Myles Rennie
 
Picture
What are some great sources of investment opportunity? Source include stock market correction or panic like a bull-to-bear market switch, industry recession, business calamity, war, or structural changes? The perfect buying situation is when a stock market correction or panic is coupled with an industry recession or an individual business calamity or structural changes or war.

   Recessions signal the start of great buying opportunities, for the value investor with spare cash available. Recovery time from a recession is generally anything between one to four years and during this time there are excellent buying opportunities. During recessions the manic-depressive Mr. Market goes into panic mode and out of fear offers to sell great companies often at single digit PEs. The true value investor understands that during a recession period everyone gets hurt, but the strong survive while the weak are removed from the economic landscape. Sticking to intrinsic value calculations and focusing on business fundamentals, while ignoring manic price fluctuations, allows the value investor to pick up fantastic businesses at bargain sale prices.

   Recessions are so important to the value investor we will discuss it further. George Soros, the famous macro investor, observed business boom-bust cycle markets so often during his career he formulated a graphical model of it and constructed his own market theory he called reflexivity. In his market theory he does not specify the cause of such boom-bust cycles, but he speculates that they always have a political element. Government economic intervention as the cause of business cycles has been extensively written about by various authors, including those from the Austrian School of economics. They write that an extra market force (in the case the central bank of a country) can initiate an artificial, or unsustainable, economic boom. They further write that a money-induced boom contains the seeds of its own destruction, i.e. the market upturn, must by the logic of market forces set in motion, be followed by a downturn.

   When markets, or the economy as a whole, are not performing optimally politicians can interpret this situation as a threat to their elected positions. If they do, they will often take corrective action to rectify the situation before it becomes a political issue during election time. One of the popular methods of stimulating economic activity is to increase the money supply. This expansion of the money supply leads to lower interest rates. In turn lower interest rates generally lead to an overconsumption in the market as well as lower discount rates (i.e. lower cost of debt thus lower weighted cost of capital). These lower discount rates in turn lead to increased business valuation calculations, or valuation inflation, and increased malinvestment to the valuation inflation.

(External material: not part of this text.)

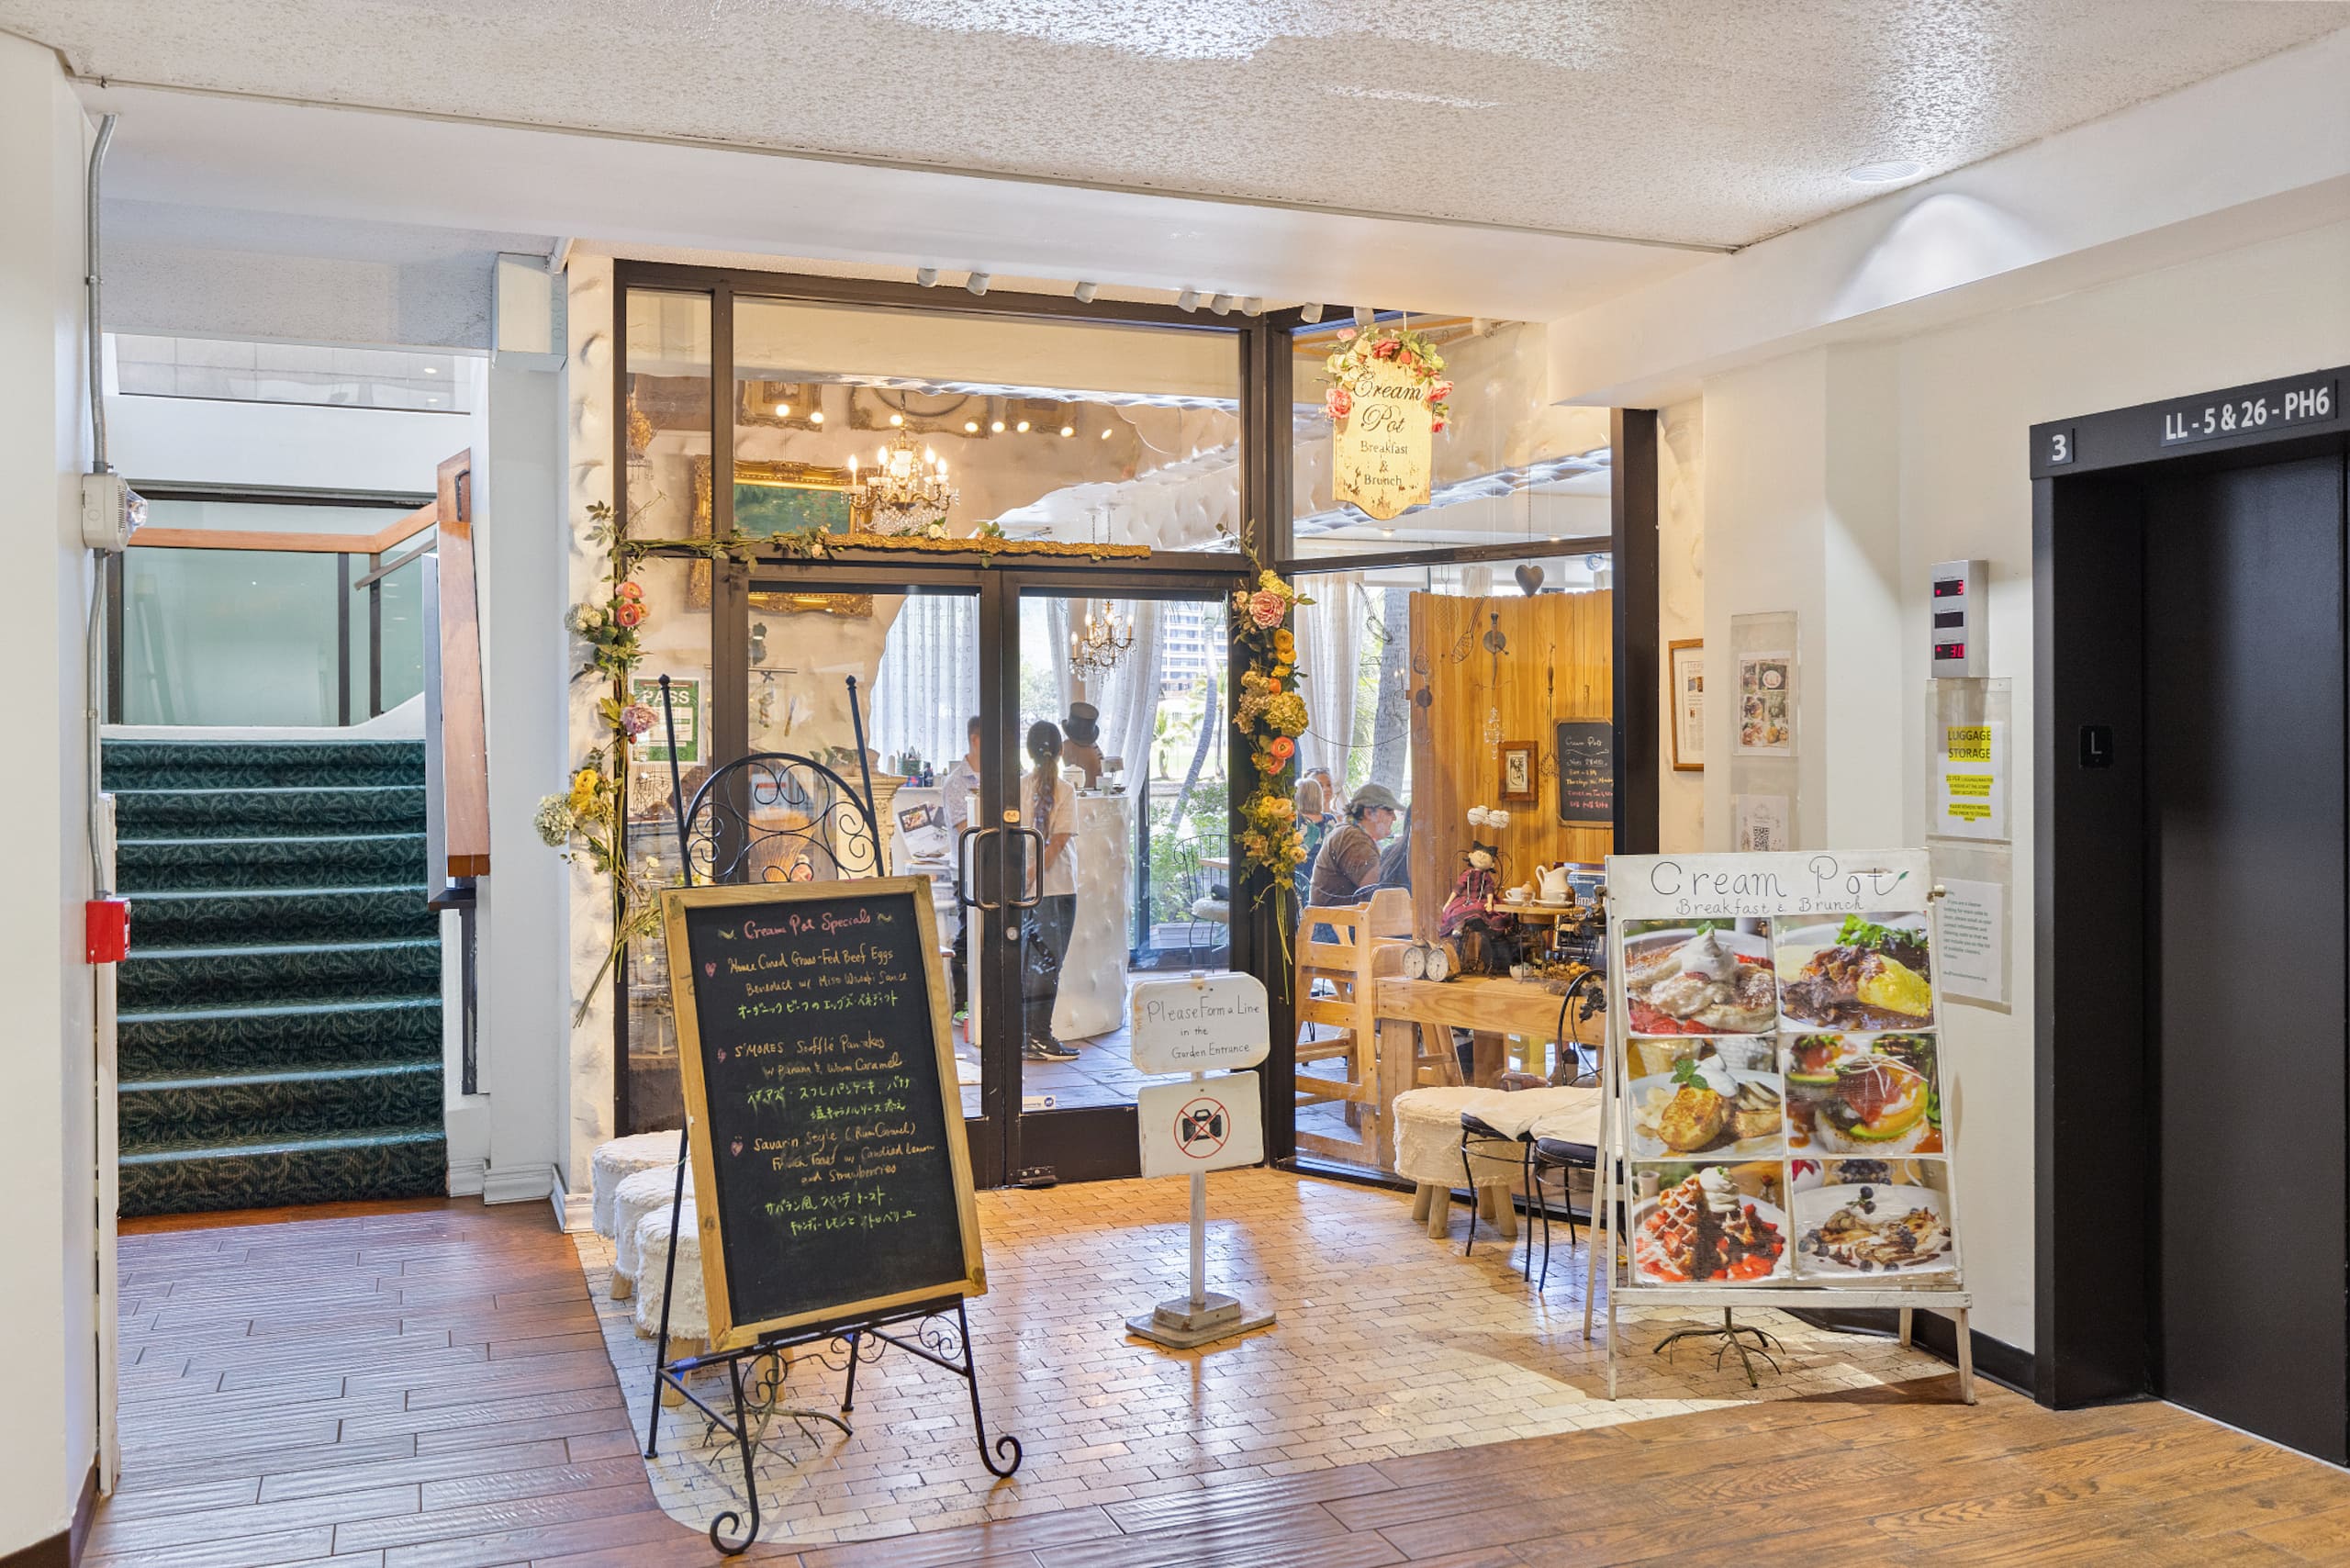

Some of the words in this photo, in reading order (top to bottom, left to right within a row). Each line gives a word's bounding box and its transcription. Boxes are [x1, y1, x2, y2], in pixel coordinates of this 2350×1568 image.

   Over-consumption and lower cost of debt leads to increased revenues, allows businesses to expand, and leads to greater profits. This process can very easily lead to a speculative bubble, i.e. from price increases due to valuation increases, to increased investor enthusiasm, to increased demand, and hence further price increases. When a bubble starts forming, substitutes for business fundamentals start to justify the politically motivated economic boom. Therefore, as fundamental data no longer justifies the boom, market participants replace fundamental analysis with fundamental substitute analysis that will support the boom. These substitutes are always consistent with the perceived new economic conditions driving the boom (e.g. stocks are values at multiples of revenue, not earnings, and growth is funded by selling stock, not executing sound business plans). This leads to a situation where a substantial gap between market behaviour, or speculation, and fundamentals forms and widens.

   This ever widening gap however cannot continue indefinite and at some point the market has to correct, it has to abandon the substitutes and re-establish fundamentals. This does not happen however before the last marginal investors in the market buy in. As the old saying goes: what the wise man does in the beginning, the fool does in the end. This final marginal buying further fuels the gap and is the boom’s final push. At this point the politicians have to cool down the market bubble in order to avoid a market crash. Interest rates are raised to reduce consumption and increase discount rates, which causes valuations to decline and malinvestment to halt.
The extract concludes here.